:: DATA TO USE

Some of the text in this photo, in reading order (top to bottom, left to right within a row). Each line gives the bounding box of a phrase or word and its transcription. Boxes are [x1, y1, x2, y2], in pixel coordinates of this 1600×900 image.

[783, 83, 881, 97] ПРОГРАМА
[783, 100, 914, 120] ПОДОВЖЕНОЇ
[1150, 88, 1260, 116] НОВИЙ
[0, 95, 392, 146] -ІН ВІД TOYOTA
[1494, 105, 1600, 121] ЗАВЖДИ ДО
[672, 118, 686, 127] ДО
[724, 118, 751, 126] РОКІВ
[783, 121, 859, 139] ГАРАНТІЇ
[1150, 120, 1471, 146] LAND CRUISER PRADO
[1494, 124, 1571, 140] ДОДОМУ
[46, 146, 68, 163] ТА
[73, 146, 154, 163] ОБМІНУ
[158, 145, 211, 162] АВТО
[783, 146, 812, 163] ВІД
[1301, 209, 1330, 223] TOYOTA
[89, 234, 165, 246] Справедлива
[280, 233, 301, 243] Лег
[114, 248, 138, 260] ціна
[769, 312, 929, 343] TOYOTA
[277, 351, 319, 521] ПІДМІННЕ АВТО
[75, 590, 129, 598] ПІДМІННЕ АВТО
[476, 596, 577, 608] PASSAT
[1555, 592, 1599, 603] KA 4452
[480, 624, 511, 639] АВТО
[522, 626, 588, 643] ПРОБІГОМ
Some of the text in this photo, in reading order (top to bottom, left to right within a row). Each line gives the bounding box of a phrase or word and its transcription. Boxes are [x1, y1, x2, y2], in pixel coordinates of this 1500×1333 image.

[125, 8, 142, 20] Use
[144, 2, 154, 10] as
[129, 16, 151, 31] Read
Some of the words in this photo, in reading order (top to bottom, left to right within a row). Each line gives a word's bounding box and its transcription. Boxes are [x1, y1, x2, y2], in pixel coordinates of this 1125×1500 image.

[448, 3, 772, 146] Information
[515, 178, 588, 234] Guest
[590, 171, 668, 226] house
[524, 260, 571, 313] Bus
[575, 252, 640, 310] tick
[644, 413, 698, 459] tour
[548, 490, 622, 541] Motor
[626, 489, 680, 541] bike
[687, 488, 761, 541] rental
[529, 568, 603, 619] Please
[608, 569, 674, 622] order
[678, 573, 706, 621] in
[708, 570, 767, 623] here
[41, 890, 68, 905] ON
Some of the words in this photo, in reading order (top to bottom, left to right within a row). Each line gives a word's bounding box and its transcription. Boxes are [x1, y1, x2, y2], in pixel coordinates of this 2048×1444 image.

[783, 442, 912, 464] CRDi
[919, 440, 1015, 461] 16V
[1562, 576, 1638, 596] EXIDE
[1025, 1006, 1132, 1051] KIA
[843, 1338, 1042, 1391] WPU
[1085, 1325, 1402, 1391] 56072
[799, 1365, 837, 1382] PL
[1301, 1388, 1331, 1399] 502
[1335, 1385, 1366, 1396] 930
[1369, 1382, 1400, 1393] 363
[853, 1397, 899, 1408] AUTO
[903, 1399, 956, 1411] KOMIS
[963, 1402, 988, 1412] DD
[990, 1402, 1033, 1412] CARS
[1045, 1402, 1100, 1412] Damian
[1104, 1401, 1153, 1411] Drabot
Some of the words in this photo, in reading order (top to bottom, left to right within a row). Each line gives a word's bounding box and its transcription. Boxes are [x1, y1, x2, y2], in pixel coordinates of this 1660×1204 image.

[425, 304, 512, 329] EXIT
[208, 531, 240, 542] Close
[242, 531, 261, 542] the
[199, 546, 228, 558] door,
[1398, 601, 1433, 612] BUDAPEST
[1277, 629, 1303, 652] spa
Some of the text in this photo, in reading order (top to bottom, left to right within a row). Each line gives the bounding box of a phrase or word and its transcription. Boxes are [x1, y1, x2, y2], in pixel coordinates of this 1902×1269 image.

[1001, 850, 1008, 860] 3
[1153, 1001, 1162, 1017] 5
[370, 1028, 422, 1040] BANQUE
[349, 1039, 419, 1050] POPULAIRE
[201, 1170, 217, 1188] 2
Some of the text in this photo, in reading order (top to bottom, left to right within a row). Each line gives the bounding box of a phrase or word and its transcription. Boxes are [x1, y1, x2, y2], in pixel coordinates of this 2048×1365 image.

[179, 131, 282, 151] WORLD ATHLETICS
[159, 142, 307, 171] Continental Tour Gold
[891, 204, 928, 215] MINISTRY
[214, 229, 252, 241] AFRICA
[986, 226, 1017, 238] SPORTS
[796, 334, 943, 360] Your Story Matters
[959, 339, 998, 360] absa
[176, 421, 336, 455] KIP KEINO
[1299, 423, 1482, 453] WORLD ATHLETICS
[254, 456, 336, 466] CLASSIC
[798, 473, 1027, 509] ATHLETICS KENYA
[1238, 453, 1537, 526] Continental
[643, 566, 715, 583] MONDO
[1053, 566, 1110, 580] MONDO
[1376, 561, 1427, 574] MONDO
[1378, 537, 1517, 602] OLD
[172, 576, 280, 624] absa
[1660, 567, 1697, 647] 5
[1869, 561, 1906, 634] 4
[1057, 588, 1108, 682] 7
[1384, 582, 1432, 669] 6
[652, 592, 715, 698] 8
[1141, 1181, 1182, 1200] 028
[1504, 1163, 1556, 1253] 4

::::

■ WORK TO COMPLETE
Please return the data above in full, without altering a single line.

■ RESULT OF THIS TASK
Some of the text in this photo, in reading order (top to bottom, left to right within a row). Each line gives the bounding box of a phrase or word and its transcription. Boxes are [x1, y1, x2, y2], in pixel coordinates of this 1600×900 image.

[783, 83, 881, 97] ПРОГРАМА
[783, 100, 914, 120] ПОДОВЖЕНОЇ
[1150, 88, 1260, 116] НОВИЙ
[0, 95, 392, 146] -ІН ВІД TOYOTA
[1494, 105, 1600, 121] ЗАВЖДИ ДО
[672, 118, 686, 127] ДО
[724, 118, 751, 126] РОКІВ
[783, 121, 859, 139] ГАРАНТІЇ
[1150, 120, 1471, 146] LAND CRUISER PRADO
[1494, 124, 1571, 140] ДОДОМУ
[46, 146, 68, 163] ТА
[73, 146, 154, 163] ОБМІНУ
[158, 145, 211, 162] АВТО
[783, 146, 812, 163] ВІД
[1301, 209, 1330, 223] TOYOTA
[89, 234, 165, 246] Справедлива
[280, 233, 301, 243] Лег
[114, 248, 138, 260] ціна
[769, 312, 929, 343] TOYOTA
[277, 351, 319, 521] ПІДМІННЕ АВТО
[75, 590, 129, 598] ПІДМІННЕ АВТО
[476, 596, 577, 608] PASSAT
[1555, 592, 1599, 603] KA 4452
[480, 624, 511, 639] АВТО
[522, 626, 588, 643] ПРОБІГОМ
Some of the text in this photo, in reading order (top to bottom, left to right within a row). Each line gives the bounding box of a phrase or word and its transcription. Boxes are [x1, y1, x2, y2], in pixel coordinates of this 1500×1333 image.

[125, 8, 142, 20] Use
[144, 2, 154, 10] as
[129, 16, 151, 31] Read
Some of the words in this photo, in reading order (top to bottom, left to right within a row). Each line gives a word's bounding box and its transcription. Boxes are [x1, y1, x2, y2], in pixel coordinates of this 1125×1500 image.

[448, 3, 772, 146] Information
[515, 178, 588, 234] Guest
[590, 171, 668, 226] house
[524, 260, 571, 313] Bus
[575, 252, 640, 310] tick
[644, 413, 698, 459] tour
[548, 490, 622, 541] Motor
[626, 489, 680, 541] bike
[687, 488, 761, 541] rental
[529, 568, 603, 619] Please
[608, 569, 674, 622] order
[678, 573, 706, 621] in
[708, 570, 767, 623] here
[41, 890, 68, 905] ON
Some of the words in this photo, in reading order (top to bottom, left to right within a row). Each line gives a word's bounding box and its transcription. Boxes are [x1, y1, x2, y2], in pixel coordinates of this 2048×1444 image.

[783, 442, 912, 464] CRDi
[919, 440, 1015, 461] 16V
[1562, 576, 1638, 596] EXIDE
[1025, 1006, 1132, 1051] KIA
[843, 1338, 1042, 1391] WPU
[1085, 1325, 1402, 1391] 56072
[799, 1365, 837, 1382] PL
[1301, 1388, 1331, 1399] 502
[1335, 1385, 1366, 1396] 930
[1369, 1382, 1400, 1393] 363
[853, 1397, 899, 1408] AUTO
[903, 1399, 956, 1411] KOMIS
[963, 1402, 988, 1412] DD
[990, 1402, 1033, 1412] CARS
[1045, 1402, 1100, 1412] Damian
[1104, 1401, 1153, 1411] Drabot
Some of the words in this photo, in reading order (top to bottom, left to right within a row). Each line gives a word's bounding box and its transcription. Boxes are [x1, y1, x2, y2], in pixel coordinates of this 1660×1204 image.

[425, 304, 512, 329] EXIT
[208, 531, 240, 542] Close
[242, 531, 261, 542] the
[199, 546, 228, 558] door,
[1398, 601, 1433, 612] BUDAPEST
[1277, 629, 1303, 652] spa
Some of the text in this photo, in reading order (top to bottom, left to right within a row). Each line gives the bounding box of a phrase or word and its transcription. Boxes are [x1, y1, x2, y2], in pixel coordinates of this 1902×1269 image.

[1001, 850, 1008, 860] 3
[1153, 1001, 1162, 1017] 5
[370, 1028, 422, 1040] BANQUE
[349, 1039, 419, 1050] POPULAIRE
[201, 1170, 217, 1188] 2
Some of the text in this photo, in reading order (top to bottom, left to right within a row). Each line gives the bounding box of a phrase or word and its transcription. Boxes are [x1, y1, x2, y2], in pixel coordinates of this 2048×1365 image.

[179, 131, 282, 151] WORLD ATHLETICS
[159, 142, 307, 171] Continental Tour Gold
[891, 204, 928, 215] MINISTRY
[214, 229, 252, 241] AFRICA
[986, 226, 1017, 238] SPORTS
[796, 334, 943, 360] Your Story Matters
[959, 339, 998, 360] absa
[176, 421, 336, 455] KIP KEINO
[1299, 423, 1482, 453] WORLD ATHLETICS
[254, 456, 336, 466] CLASSIC
[798, 473, 1027, 509] ATHLETICS KENYA
[1238, 453, 1537, 526] Continental
[643, 566, 715, 583] MONDO
[1053, 566, 1110, 580] MONDO
[1376, 561, 1427, 574] MONDO
[1378, 537, 1517, 602] OLD
[172, 576, 280, 624] absa
[1660, 567, 1697, 647] 5
[1869, 561, 1906, 634] 4
[1057, 588, 1108, 682] 7
[1384, 582, 1432, 669] 6
[652, 592, 715, 698] 8
[1141, 1181, 1182, 1200] 028
[1504, 1163, 1556, 1253] 4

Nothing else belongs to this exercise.